9. En statuant ainsi, sans analyser, ne fût-ce que sommairement, les pièces produites par M. [Y] et la SCI, au titre desquelles figurait le rapport d'expertise, qui concluait que la construction était conforme au permis de construire, sans apport de remblais autre qu'autour de l'habitation, ce qui avait été retenu par le premier juge, la cour d'appel n'a pas satisfait aux exigences du texte susvisé.

Et sur le deuxième moyen, pris en sa deuxième branche

Enoncé du moyen

10. M. [Y] et la SCI font grief à l'arrêt d'ordonner la démolition des garages, alors « que lorsqu'une construction a été irrégulièrement édifiée, l'injonction faite à l'administration par le juge administratif de délivrer à son auteur un permis modificatif destiné à la régulariser, qui présuppose que la régularisation porte sur tous les éléments de la construction et que le juge administratif a écarté tous les motifs invoqués ou susceptibles de l'être à l'appui d'un refus de régularisation, fait obstacle à ce que le juge civil ordonne sa démolition ; qu'en jugeant, pour ordonner la démolition de garages construits par la SCI Dam dès lors que leur implantation altimétrique «manifestement différente » de celle indiquée sur le plan annexé au permis de construire aurait « fait obstacle » à une régularisation, que le jugement du tribunal administratif de Rouen du 16 mars 2023 n'était pas « de nature à modifier (son) appréciation » dès lors que « le débat » n'aurait pas porté, devant lui, sur l'implantation altimétrique, quand ce jugement enjoignait à la commune de délivrer un permis de construire modificatif destiné à régulariser ces garages, de sorte que la cour d'appel devait tenir pour acquis que leur implantation altimétrique était régularisable, et le serait par la délivrance de ce permis, elle a violé l'article L. 480-14 du code de l'urbanisme, ensemble la loi des 16 et 24 août 1790, le décret du 16 fructidor an III et l'article 1er du 1er Protocole additionnel à la Convention européenne de sauvegarde des droits de l'homme, méconnus par la cour d'appel. »

Réponse de la Cour

Vu l'article L. 480-14 du code de l'urbanisme, dans sa rédaction alors applicable :

11. Aux termes de ce texte, la commune ou l'établissement public de coopération intercommunale compétent en matière de plan local d'urbanisme peut saisir le tribunal de grande instance en vue de faire ordonner la démolition ou la mise en conformité d'un ouvrage édifié ou installé sans l'autorisation exigée par le présent livre, en méconnaissance de cette autorisation ou, pour les aménagements, installations et travaux dispensés de toute formalité au titre du présent code, en violation de l'article L. 421-8. L'action civile se prescrit en pareil cas par dix ans à compter de l'achèvement des travaux.

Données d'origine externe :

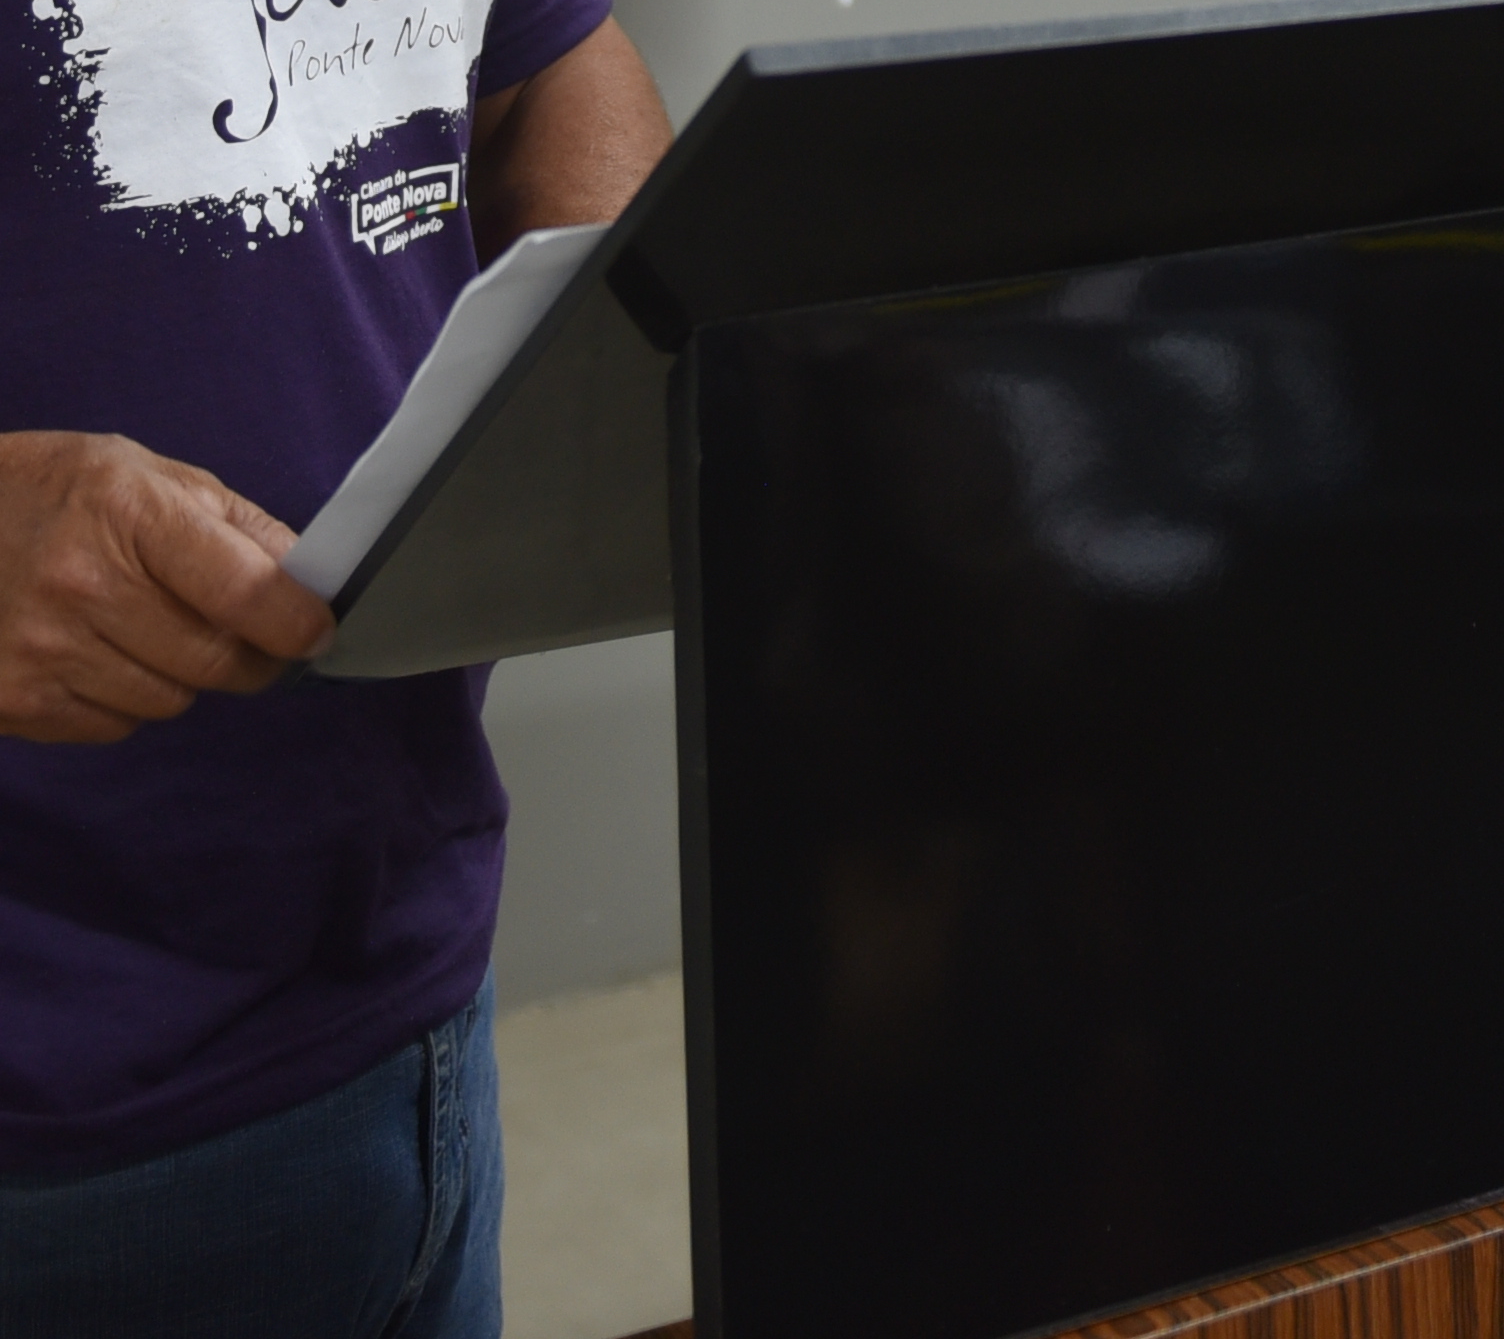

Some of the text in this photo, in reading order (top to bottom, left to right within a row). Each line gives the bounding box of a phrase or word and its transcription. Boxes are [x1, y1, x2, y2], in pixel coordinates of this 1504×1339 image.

[288, 6, 465, 87] Ponte Nov
[361, 181, 448, 228] Ponte Nova

12. Cependant, cette disposition ne saurait être interprétée comme autorisant la démolition d'un tel ouvrage lorsque le juge peut ordonner à la place sa mise en conformité et que celle-ci est acceptée par le propriétaire.

13. Pour rejeter l'offre de régularisation de la SCI et ordonner la démolition des garages, l'arrêt retient que le défaut d'altimétrie qu'elle n'envisage pas de traiter fait obstacle à une mise en conformité de la construction et que la décision du tribunal administratif de Rouen n'est pas de nature à modifier l'appréciation de la cour en ce que le débat devant la juridiction administrative ne portait que sur la motivation de l'arrêté portant refus de délivrer un permis modificatif et des dispositions sur les distances applicables au regard de la limite séparative des fonds.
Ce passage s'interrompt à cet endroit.